Our study provides a novel genetic framework for CKD development as it defines key
cell types and novel mechanisms involved in the disease.
Results
Compartment-based eQTLs in the human kidney
We separated human kidney tissue compartments, in particular glomeruli
and tubules, by manual microdissection followed by RNA-Seq of each compartment
(Supplementary Fig.
1b). The expression of tubule epithelial-specific markers such as
SLC12A1 and SLC34A1 were significantly
greater in tubules (P < 2.2 ×
10−16 and P = 3.59 ×
10−11, respectively; two-sided Student’s
t test), while glomerulus epithelial-specific genes were
almost exclusively expressed in glomeruli (Supplementary Fig. 1c). Well-known
nephrotic syndrome genes showed preferential expression in glomerular
compartment and proximal tubulopathy genes expressed in tubules (Supplementary Fig. 1d). We
validated that the fraction of each cell type was similar in the kidney samples
included in the analysis using in silico cell deconvolution
analysis that estimates cell-type proportions based on latent variable
modeling[39,40] (Supplementary Fig. 1e).
Furthermore, tissue samples underwent careful clinical and histological
evaluation, and we included samples only without significant structural and
functional changes in the analysis to minimize non-genetically driven gene
expression fluctuations (Supplementary Table 1).Using these stringent criteria, we included 151 kidneys in the analysis,
including 121 tubule samples and 119 glomerulus samples used to identify
compartment-based cis-eQTLs (further referred to as eQTLs)
(Supplementary Fig.
1f). We performed eQTL analysis separately for the two compartments
by using a linear model and ± 1Mb window around the transcription start
site (TSS). In the tubular compartment, we identified 4,081 genes with eQTLs at
a 5% FDR (hereafter referred to as eGenes) and 389,454 significant SNP-gene
pairs; in the glomerular compartment, 4,913 eGenes and 467,994 significant
SNP-gene pairs. We made this dataset available via our searchable website
(http://susztaklab.com/eqtl). We have also
performed meta-analysis on tubules and glomeruli eQTLs and have defined
tubule-compartment-specific eGenes (n = 417),
glomerulus-compartment-specific eGenes (n = 674), and
compartment-shared eGenes (n = 3,493) (Fig. 1a).
Figure 1:
Summary of kidney compartment-based eQTL analysis. a,
Diagram indicating the work flow (and results) by which eGenes were identified
in the tubular and glomerular compartment of human kidneys. b,
Diagram illustrating the number of tubule-specific (top) and glomerulus-specific
(bottom) eGenes identified by meta-analysis of eQTLs from 46 human tissues (44
GTEx tissues plus 2 kidney compartments). c, Overlap of tubule
(top) and glomerulus (bottom) eQTLs with hits of various GWA studies from GWAS
catalogue. The x-axis shows the proportion of GWAS variants of
each GWAS trait overlapped with tubule and glomerulus eQTLs (when the GWAS
varuants and eVariants are located in the same LD,
r2 > 0.8). The y-axis
shows enrichment of tubule and glomerulus eGenes by genes around the hits of
each GWAS trait. –log10 (P) was calculated by
two-sided Fisher’s exact test (height was used for background
estimation). Red dots, metabolite traits; blue dots, kidney-related traits; grey
dots, other traits. Orange line, statistical significance threshold.

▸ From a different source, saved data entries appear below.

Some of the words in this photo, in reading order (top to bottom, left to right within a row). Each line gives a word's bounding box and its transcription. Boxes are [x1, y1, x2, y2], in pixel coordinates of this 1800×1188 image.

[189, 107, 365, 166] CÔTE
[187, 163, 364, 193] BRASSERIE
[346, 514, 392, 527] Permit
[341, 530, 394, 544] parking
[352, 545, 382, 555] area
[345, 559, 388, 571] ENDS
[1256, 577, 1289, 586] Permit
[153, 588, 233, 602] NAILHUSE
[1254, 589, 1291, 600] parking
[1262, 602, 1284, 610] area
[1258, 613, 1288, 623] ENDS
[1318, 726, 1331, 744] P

d, The 15 GWAS traits showing the strongest enrichment
(y-axis) for tubule- and glomerulus-specific eGenes (left)
or shared eGenes (right). Tubule-specific eGene: n = 589;
tubule-shared eGene: n = 7050; glomerulus-specific eGene:
n = 594; glomerulus-shared eGene: n =
7090. –log (P) was calculated by two-sided
Fisher’s exact test (x-axis).
The number of eGenes identified is in line with expectations (Supplementary Fig. 2a),
from previous publications of 44 human tissues of the GTEx Consortium[25]. Furthermore, many of the
significant SNP-gene pairs identified by our tubule eQTL analysis can be
replicated in other tissues (thyroid (π1 =
0.79) and transformed fibroblasts cells (π1 =
0.77), π1 refers to the proportion of true
positives). As expected, the greatest overlap for tubule was observed in
glomeruli (π1 = 0.91) (Supplementary Fig. 2b).By performing meta-analysis of kidney compartments and 44 GTEx tissue
samples, we could identify 589 tubule-specific eGenes (m
> 0.9 in less than five tissues, including tubule, m
refers to the posterior probability that the effect is shared in each tissue)

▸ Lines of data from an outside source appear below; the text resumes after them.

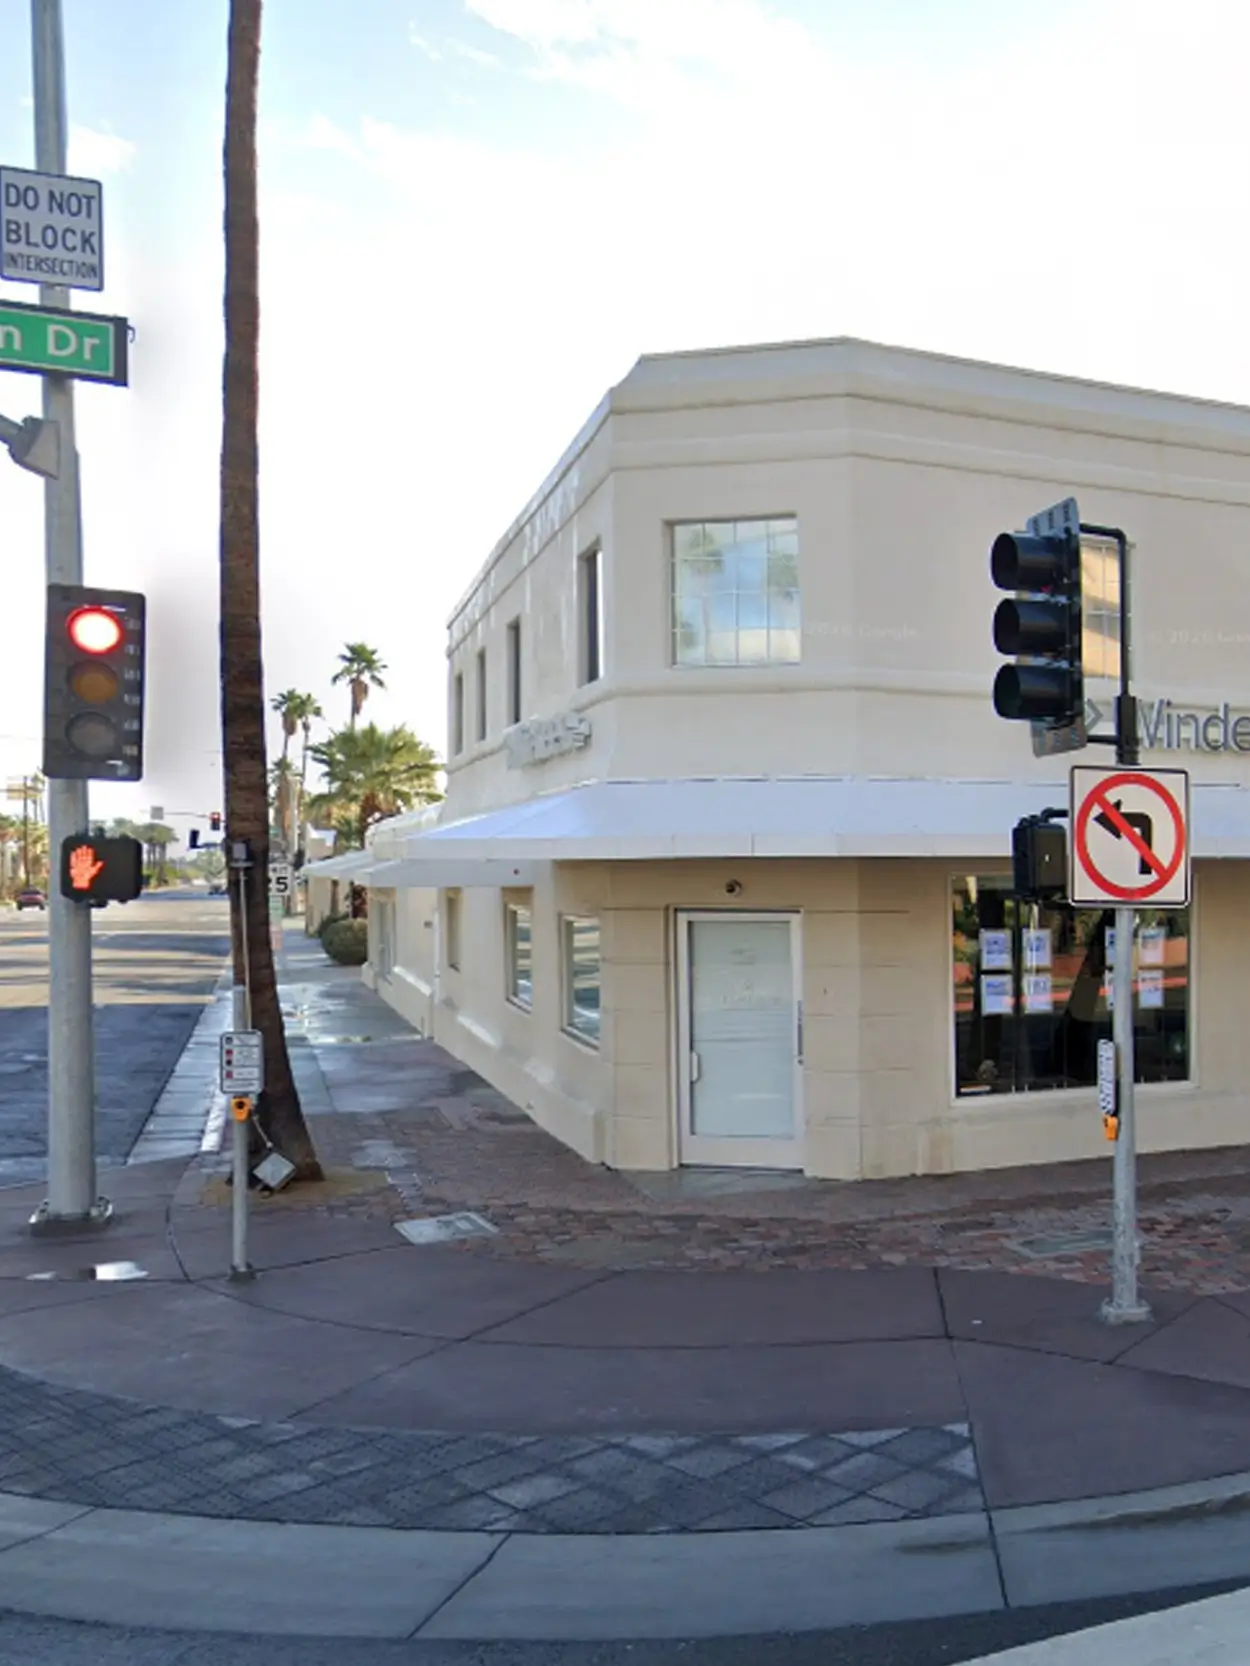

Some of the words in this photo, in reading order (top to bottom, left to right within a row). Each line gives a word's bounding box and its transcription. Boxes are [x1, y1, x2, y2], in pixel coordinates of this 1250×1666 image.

[5, 182, 39, 211] DO
[48, 188, 96, 219] NOT
[5, 219, 97, 256] BLOCK
[5, 252, 98, 279] INTERSECTION
[47, 323, 100, 361] Dr

and 594 glomerulus-specific eGenes. We found 7,050 shared eGenes in the tubules
(m > 0.9 in more than 40 tissues, including tubule);
and 7,090 shared eGenes in the glomerulus. These results are in line with
previous observations indicating that most eGenes were shared across
tissues[25] (Fig. 1b).Our compartment-based eQTL study identified many novel eQTLs that were
previously not detected by bulk tissue, whole kidney eQTL analysis (Supplementary Table 2).
For example, LRRC3 is associated with rs2838917 genotype only
in the tubular compartment, but not in whole kidney or glomerulus (Supplementary Fig. 2c,
d). In contrast, ANXA2 is associated with rs3068
genotype only in the glomerular compartment (Supplementary Fig. 2e, f). Of note,
we found one gene, NUCB1, had an opposite eQTL effect direction
between tubule and glomerulus (Supplementary Fig. 2g). These examples highlight the utility of
compartment-based eQTL analysis to identify a large number of novel eQTLs.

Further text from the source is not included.